## [How to complete this task]
Word for word, restate every line of the listing that follows.
-------- Material for this task --------
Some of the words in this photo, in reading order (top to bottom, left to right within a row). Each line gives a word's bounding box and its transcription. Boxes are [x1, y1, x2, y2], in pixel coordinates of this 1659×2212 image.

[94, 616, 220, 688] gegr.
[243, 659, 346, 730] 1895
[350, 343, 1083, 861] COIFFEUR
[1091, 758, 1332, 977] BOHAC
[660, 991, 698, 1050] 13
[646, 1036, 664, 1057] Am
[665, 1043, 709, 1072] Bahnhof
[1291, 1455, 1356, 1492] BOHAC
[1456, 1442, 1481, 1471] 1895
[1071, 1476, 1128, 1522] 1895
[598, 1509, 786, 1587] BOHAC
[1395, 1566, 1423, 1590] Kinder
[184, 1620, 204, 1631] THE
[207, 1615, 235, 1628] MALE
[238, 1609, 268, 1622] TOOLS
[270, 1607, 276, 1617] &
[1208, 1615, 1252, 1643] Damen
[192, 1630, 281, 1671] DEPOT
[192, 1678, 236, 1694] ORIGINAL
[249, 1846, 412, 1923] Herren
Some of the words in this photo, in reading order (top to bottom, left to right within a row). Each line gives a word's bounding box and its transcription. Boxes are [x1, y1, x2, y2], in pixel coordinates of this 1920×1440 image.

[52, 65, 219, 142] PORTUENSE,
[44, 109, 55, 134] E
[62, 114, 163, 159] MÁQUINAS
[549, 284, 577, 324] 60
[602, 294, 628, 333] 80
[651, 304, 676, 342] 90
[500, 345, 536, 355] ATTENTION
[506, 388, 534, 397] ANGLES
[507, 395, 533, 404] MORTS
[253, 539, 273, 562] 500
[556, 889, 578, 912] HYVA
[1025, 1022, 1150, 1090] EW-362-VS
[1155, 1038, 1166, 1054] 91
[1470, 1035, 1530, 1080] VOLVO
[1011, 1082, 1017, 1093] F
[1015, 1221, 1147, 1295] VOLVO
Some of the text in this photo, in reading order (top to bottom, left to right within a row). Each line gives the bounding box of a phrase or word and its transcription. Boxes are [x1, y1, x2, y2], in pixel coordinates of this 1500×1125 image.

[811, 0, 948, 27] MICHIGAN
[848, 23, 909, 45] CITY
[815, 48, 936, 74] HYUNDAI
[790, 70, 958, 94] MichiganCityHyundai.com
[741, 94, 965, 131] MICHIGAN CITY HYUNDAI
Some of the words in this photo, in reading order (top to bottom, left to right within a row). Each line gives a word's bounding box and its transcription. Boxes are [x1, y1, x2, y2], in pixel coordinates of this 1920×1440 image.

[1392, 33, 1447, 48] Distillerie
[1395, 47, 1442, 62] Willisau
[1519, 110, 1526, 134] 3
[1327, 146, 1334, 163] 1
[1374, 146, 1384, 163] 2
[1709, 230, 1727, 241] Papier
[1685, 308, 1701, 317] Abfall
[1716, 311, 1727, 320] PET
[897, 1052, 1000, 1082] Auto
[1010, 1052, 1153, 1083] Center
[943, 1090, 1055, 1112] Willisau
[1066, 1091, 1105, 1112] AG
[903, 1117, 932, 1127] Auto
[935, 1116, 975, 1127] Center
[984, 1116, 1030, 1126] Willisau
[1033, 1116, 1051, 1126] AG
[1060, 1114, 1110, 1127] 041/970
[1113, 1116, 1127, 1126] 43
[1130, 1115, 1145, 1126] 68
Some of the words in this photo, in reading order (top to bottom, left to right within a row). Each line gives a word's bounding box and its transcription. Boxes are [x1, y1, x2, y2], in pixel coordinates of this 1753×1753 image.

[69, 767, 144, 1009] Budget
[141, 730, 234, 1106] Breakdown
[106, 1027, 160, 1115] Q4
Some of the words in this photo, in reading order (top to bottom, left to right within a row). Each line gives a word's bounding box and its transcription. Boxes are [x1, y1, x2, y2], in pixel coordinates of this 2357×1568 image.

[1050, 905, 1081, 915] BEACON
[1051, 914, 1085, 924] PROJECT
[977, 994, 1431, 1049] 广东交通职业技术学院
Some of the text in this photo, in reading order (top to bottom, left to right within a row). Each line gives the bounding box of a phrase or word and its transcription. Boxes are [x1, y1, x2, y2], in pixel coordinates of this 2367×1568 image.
--------
## [Answer to this problem]
Some of the words in this photo, in reading order (top to bottom, left to right within a row). Each line gives a word's bounding box and its transcription. Boxes are [x1, y1, x2, y2], in pixel coordinates of this 1659×2212 image.

[94, 616, 220, 688] gegr.
[243, 659, 346, 730] 1895
[350, 343, 1083, 861] COIFFEUR
[1091, 758, 1332, 977] BOHAC
[660, 991, 698, 1050] 13
[646, 1036, 664, 1057] Am
[665, 1043, 709, 1072] Bahnhof
[1291, 1455, 1356, 1492] BOHAC
[1456, 1442, 1481, 1471] 1895
[1071, 1476, 1128, 1522] 1895
[598, 1509, 786, 1587] BOHAC
[1395, 1566, 1423, 1590] Kinder
[184, 1620, 204, 1631] THE
[207, 1615, 235, 1628] MALE
[238, 1609, 268, 1622] TOOLS
[270, 1607, 276, 1617] &
[1208, 1615, 1252, 1643] Damen
[192, 1630, 281, 1671] DEPOT
[192, 1678, 236, 1694] ORIGINAL
[249, 1846, 412, 1923] Herren
Some of the words in this photo, in reading order (top to bottom, left to right within a row). Each line gives a word's bounding box and its transcription. Boxes are [x1, y1, x2, y2], in pixel coordinates of this 1920×1440 image.

[52, 65, 219, 142] PORTUENSE,
[44, 109, 55, 134] E
[62, 114, 163, 159] MÁQUINAS
[549, 284, 577, 324] 60
[602, 294, 628, 333] 80
[651, 304, 676, 342] 90
[500, 345, 536, 355] ATTENTION
[506, 388, 534, 397] ANGLES
[507, 395, 533, 404] MORTS
[253, 539, 273, 562] 500
[556, 889, 578, 912] HYVA
[1025, 1022, 1150, 1090] EW-362-VS
[1155, 1038, 1166, 1054] 91
[1470, 1035, 1530, 1080] VOLVO
[1011, 1082, 1017, 1093] F
[1015, 1221, 1147, 1295] VOLVO
Some of the text in this photo, in reading order (top to bottom, left to right within a row). Each line gives the bounding box of a phrase or word and its transcription. Boxes are [x1, y1, x2, y2], in pixel coordinates of this 1500×1125 image.

[811, 0, 948, 27] MICHIGAN
[848, 23, 909, 45] CITY
[815, 48, 936, 74] HYUNDAI
[790, 70, 958, 94] MichiganCityHyundai.com
[741, 94, 965, 131] MICHIGAN CITY HYUNDAI
Some of the words in this photo, in reading order (top to bottom, left to right within a row). Each line gives a word's bounding box and its transcription. Boxes are [x1, y1, x2, y2], in pixel coordinates of this 1920×1440 image.

[1392, 33, 1447, 48] Distillerie
[1395, 47, 1442, 62] Willisau
[1519, 110, 1526, 134] 3
[1327, 146, 1334, 163] 1
[1374, 146, 1384, 163] 2
[1709, 230, 1727, 241] Papier
[1685, 308, 1701, 317] Abfall
[1716, 311, 1727, 320] PET
[897, 1052, 1000, 1082] Auto
[1010, 1052, 1153, 1083] Center
[943, 1090, 1055, 1112] Willisau
[1066, 1091, 1105, 1112] AG
[903, 1117, 932, 1127] Auto
[935, 1116, 975, 1127] Center
[984, 1116, 1030, 1126] Willisau
[1033, 1116, 1051, 1126] AG
[1060, 1114, 1110, 1127] 041/970
[1113, 1116, 1127, 1126] 43
[1130, 1115, 1145, 1126] 68
Some of the words in this photo, in reading order (top to bottom, left to right within a row). Each line gives a word's bounding box and its transcription. Boxes are [x1, y1, x2, y2], in pixel coordinates of this 1753×1753 image.

[69, 767, 144, 1009] Budget
[141, 730, 234, 1106] Breakdown
[106, 1027, 160, 1115] Q4
Some of the words in this photo, in reading order (top to bottom, left to right within a row). Each line gives a word's bounding box and its transcription. Boxes are [x1, y1, x2, y2], in pixel coordinates of this 2357×1568 image.

[1050, 905, 1081, 915] BEACON
[1051, 914, 1085, 924] PROJECT
[977, 994, 1431, 1049] 广东交通职业技术学院
Some of the text in this photo, in reading order (top to bottom, left to right within a row). Each line gives the bounding box of a phrase or word and its transcription. Boxes are [x1, y1, x2, y2], in pixel coordinates of this 2367×1568 image.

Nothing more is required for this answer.